**What to work on**
This exercise calls for an exact copy of the listing, with no pictures kept.
--- Input for this task Enclosed Below ---
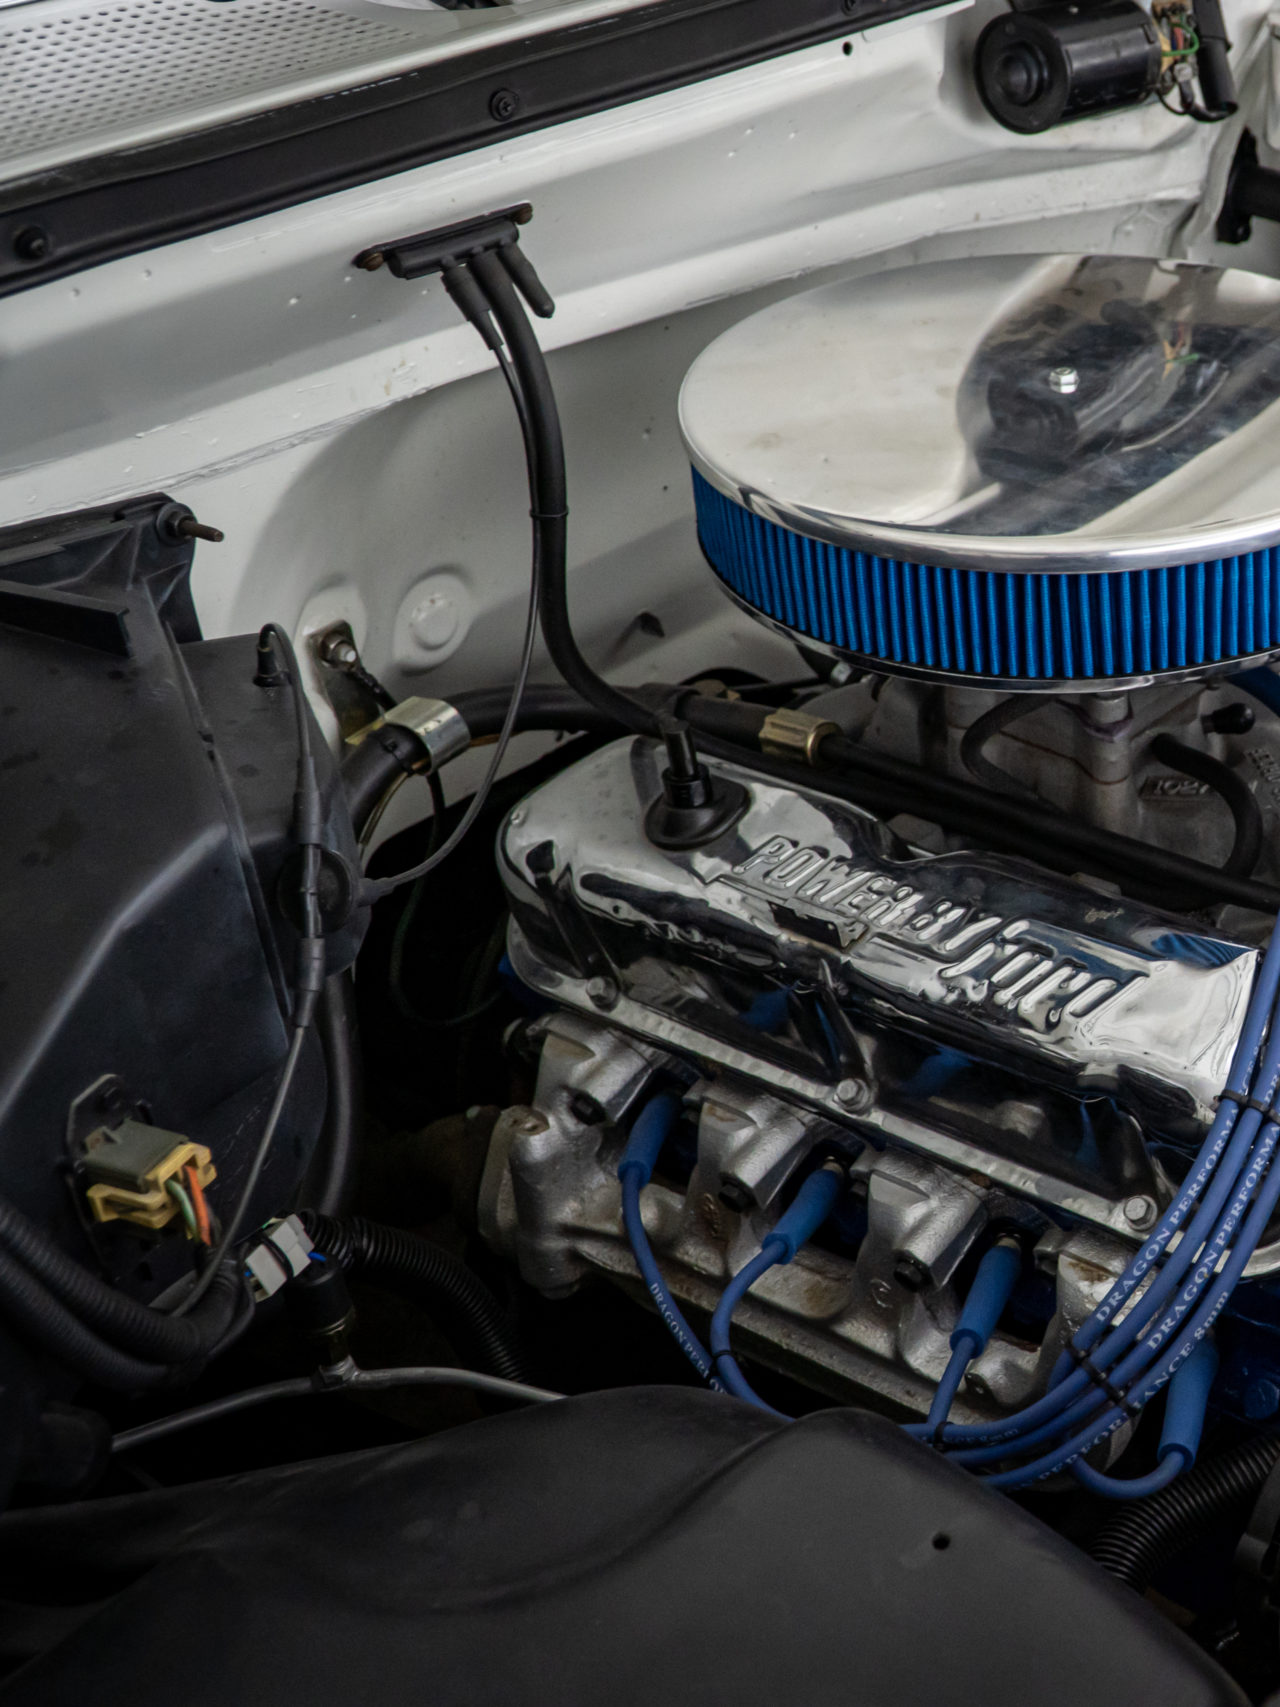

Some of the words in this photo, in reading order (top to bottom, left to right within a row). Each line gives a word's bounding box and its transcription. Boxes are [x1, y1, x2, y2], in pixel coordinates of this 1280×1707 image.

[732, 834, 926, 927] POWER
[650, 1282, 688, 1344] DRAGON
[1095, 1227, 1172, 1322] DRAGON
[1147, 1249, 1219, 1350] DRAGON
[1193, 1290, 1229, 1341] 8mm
--- End of Enclosed Input for this task ---
**The answer**
Some of the words in this photo, in reading order (top to bottom, left to right within a row). Each line gives a word's bounding box and its transcription. Boxes are [x1, y1, x2, y2], in pixel coordinates of this 1280×1707 image.

[732, 834, 926, 927] POWER
[650, 1282, 688, 1344] DRAGON
[1095, 1227, 1172, 1322] DRAGON
[1147, 1249, 1219, 1350] DRAGON
[1193, 1290, 1229, 1341] 8mm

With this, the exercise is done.